TLC entre Colombia y Peru con la Unión Europea reduciría la producción alimentaria nacional

La aprobación de un acuerdo multipartes entre la Unión Europea (UE) y los países Andinos (Perú y Colombia) no fortalecería las posibilidades de integración horizontal entre naciones, sino que se limitaría a facilitar flujos comerciales asimétricos, a asegurar la garantía jurídica de las inversiones europeas, buena parte de ellas orientadas a actividades extractivas en materia minera, energética y petrolera, y a ampliar las oportunidades de las empresas europeas en nuevos campos de crecimiento como la propiedad intelectual

Víctimas del conflicto | Colombia | TLC |

Las mayores garantías para las inversión europea incidirían negativamente en la garantía de los derechos humanos económicos, sociales y culturales (DHESC), y podrían afectar seriamente a la población civil víctima del conflicto armado.

Alrededor del 9% de la población colombiana ha sido víctima de desplazamiento forzado [1]. Es posible que este fenómeno aumente gracias a una mayor intervención de empresas dedicadas a la minería, petróleo, grandes plantaciones agroindustriales y la generación de energía eléctrica. La razón es que, tal como lo señaló Amnistía Internacional [2], las comunidades que corren un mayor riesgo de desplazamiento forzado son aquellas que habitan territorios ubicados en zonas con intereses económicos estratégicos, especialmente en las anteriores ramas industriales.

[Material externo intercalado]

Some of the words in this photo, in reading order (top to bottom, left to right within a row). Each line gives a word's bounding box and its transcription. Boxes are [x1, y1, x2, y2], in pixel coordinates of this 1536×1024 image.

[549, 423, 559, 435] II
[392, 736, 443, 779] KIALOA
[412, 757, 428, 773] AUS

Mayores volúmenes de inversión extrajera directa en Colombia pueden incidir negativamente en el reordenamiento territorial que está viviendo el país actualmente [3]. En las últimas décadas, el campo colombiano ha sufrido una contrarreforma agraria impulsada por terratenientes regionales, narcotraficantes y grupos paramilitares, y sobre la cual el Gobierno nacional, no sólo no ha hecho nada para contrarrestarla, sino ha impulsado políticas y leyes para favorecerla. En este contexto, teniendo en cuenta que la minería, el petróleo [4], los megacultivos y las hidroeléctricas requieren grandes inversiones de capital, y conllevan una gran destinación de tierras, posiblemente se vean favorecidos aquellos sectores que han despojado a los campesinos y pequeños cultivadores de sus propiedades, pues sólo ellos tendrían la capacidad económica de entablar negociaciones o alianzas con las empresas transnacionales, y poseen la cantidad de territorios para desarrollar tales megaproyectos.

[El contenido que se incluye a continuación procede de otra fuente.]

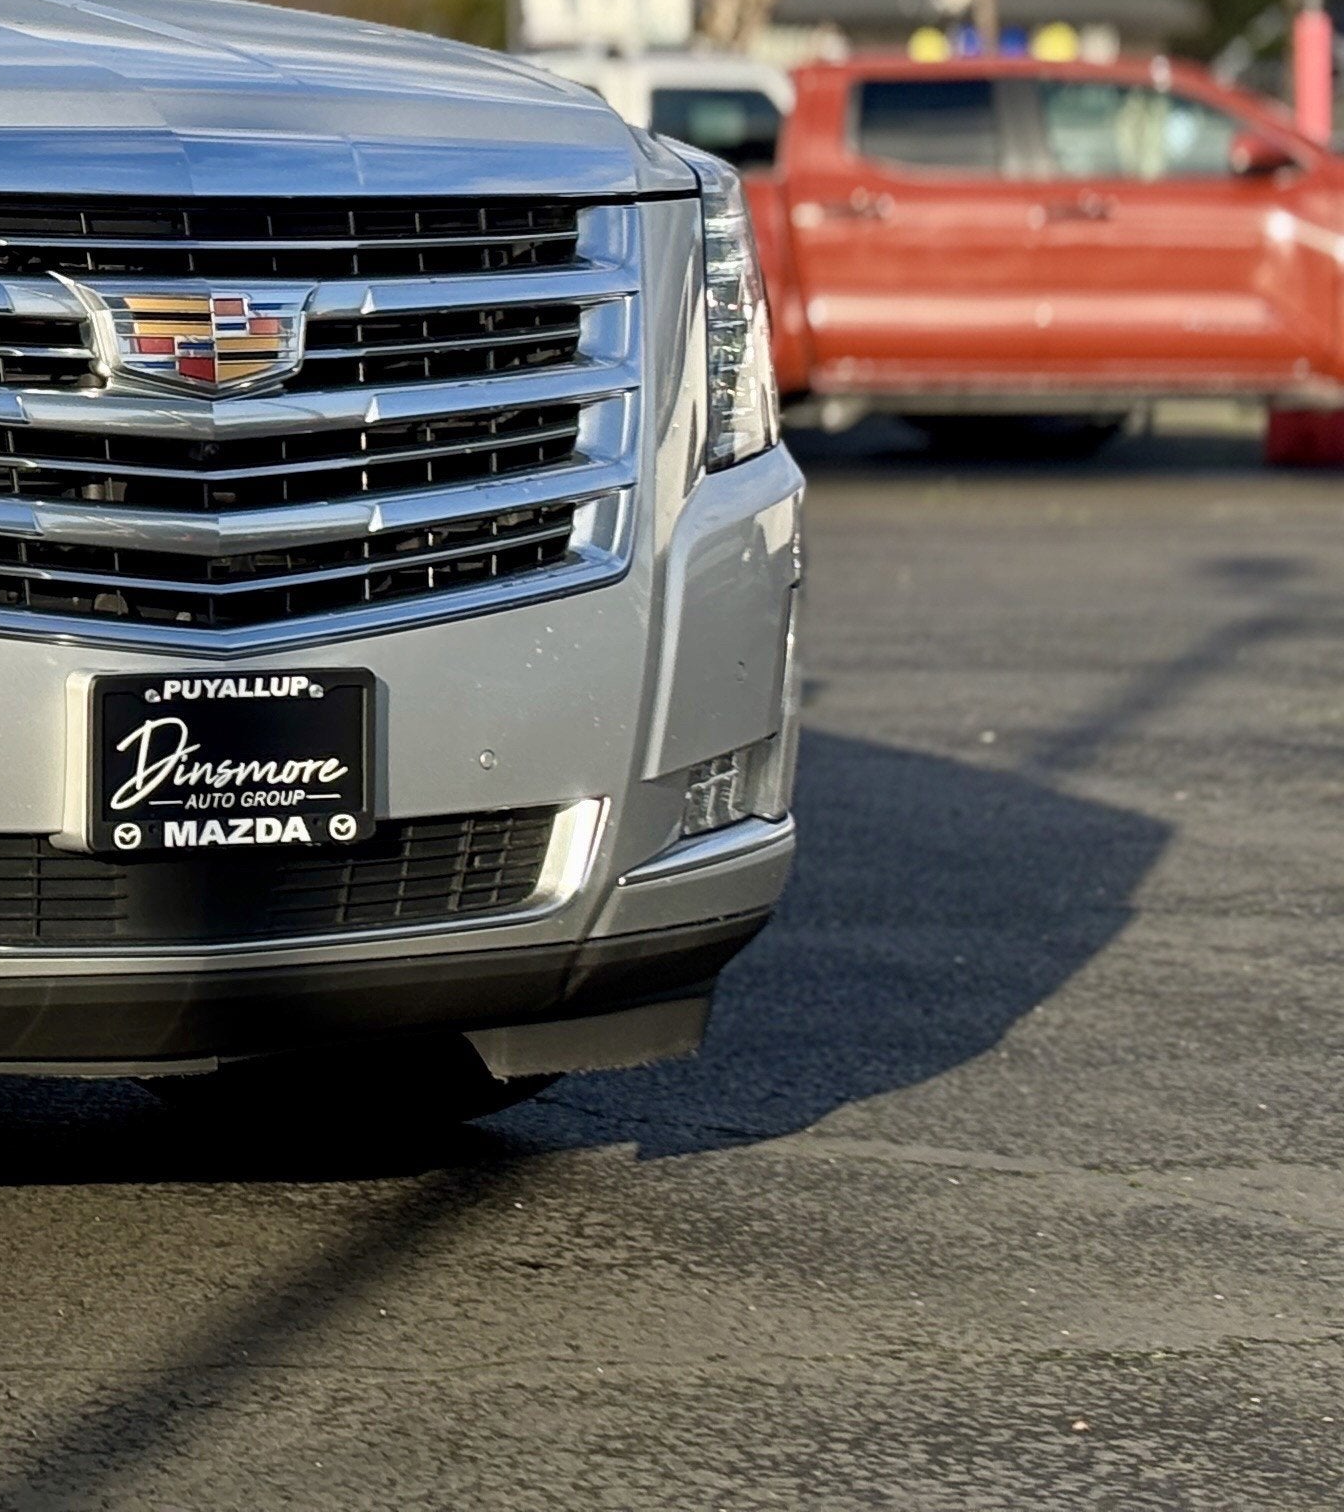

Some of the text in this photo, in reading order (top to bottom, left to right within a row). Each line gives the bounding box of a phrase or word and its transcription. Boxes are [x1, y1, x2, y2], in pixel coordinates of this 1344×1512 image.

[163, 676, 309, 700] PUYALLUP
[110, 717, 349, 810] Dinsmore
[184, 789, 306, 810] AUTO GROUP
[164, 816, 311, 847] MAZDA
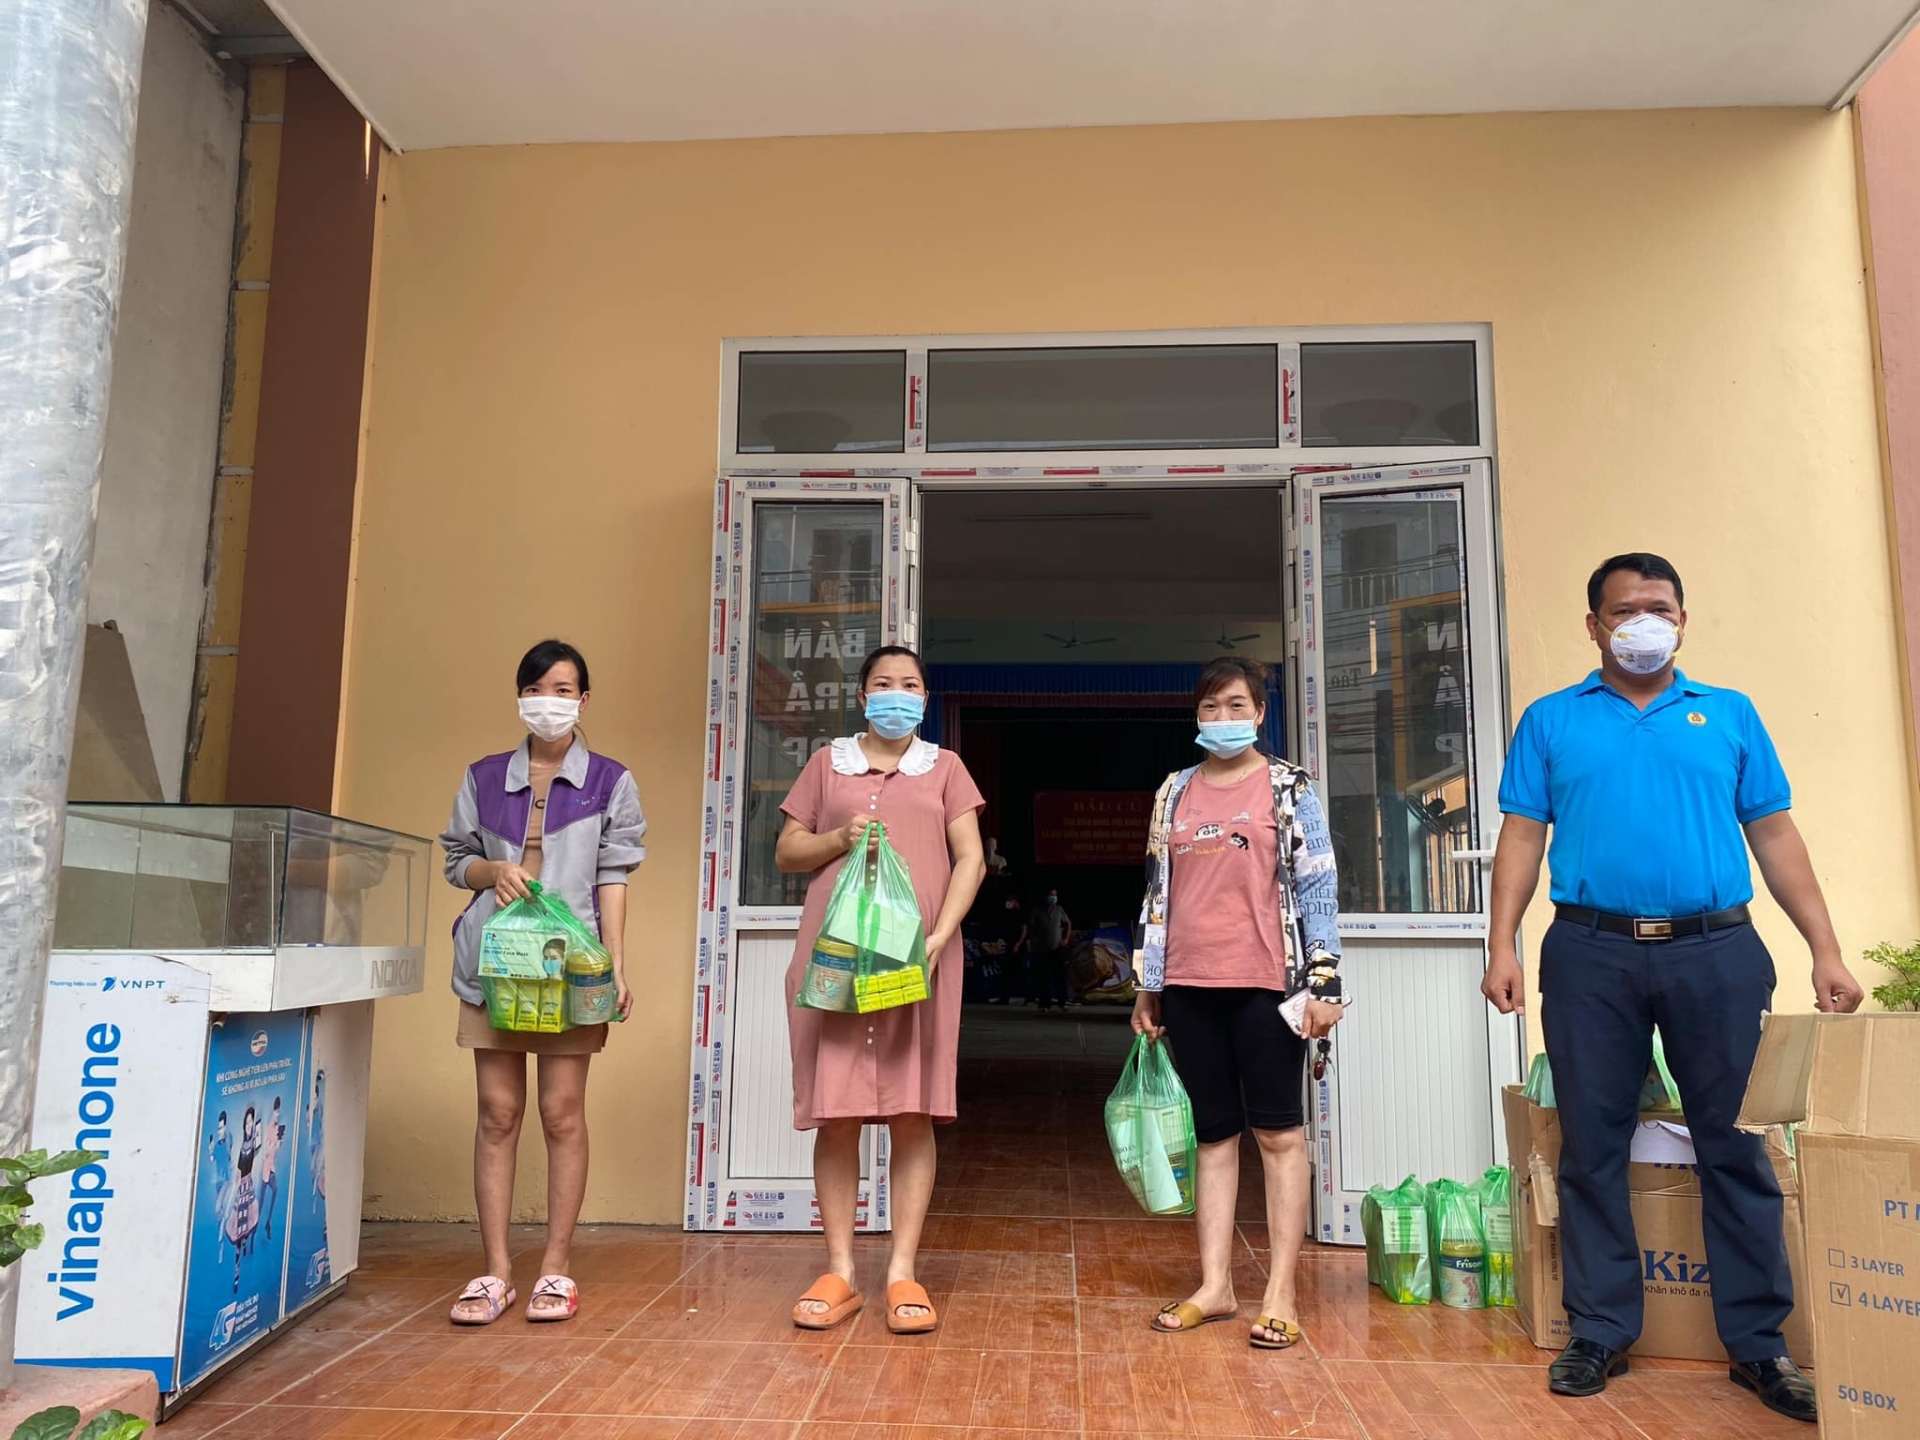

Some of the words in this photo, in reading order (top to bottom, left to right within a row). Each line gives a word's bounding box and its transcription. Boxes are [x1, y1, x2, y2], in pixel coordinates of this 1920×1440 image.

[370, 958, 418, 990] NOKIA
[120, 980, 165, 989] VNPT
[47, 1022, 121, 1321] vinaphone
[1884, 1200, 1909, 1219] PT
[1850, 1256, 1859, 1269] 3
[1862, 1258, 1905, 1277] LAYER
[1689, 1287, 1701, 1297] đa
[1858, 1292, 1869, 1307] 4
[1838, 1384, 1859, 1403] 50
[1863, 1390, 1898, 1412] BOX

En materia agropecuaria, la aprobación del “Acuerdo” podría propiciar mayores niveles de concentración de la tierra, la reducción de la producción alimentaria nacional y el desmejoramiento de la calidad del trabajo de las mujeres. En los últimos años, la política pública agropecuaria ha profundizado las asimetrías de la producción rural al enfatizar su apoyo en el beneficio de los grandes propietarios de tierra en detrimento de los pequeños productores de alimentos, de los campesinos sin tierra y las personas desplazadas por la violencia; el marcado énfasis en el apoyo gubernamental a productos como agrocombustibles, caucho, cacao, cítricos, banano, macadamia, marañón y forestales, implica, tanto la posible reducción de la producción alimentaria nacional, como el apoyo a productos producidos en grandes extensiones de tierra [5].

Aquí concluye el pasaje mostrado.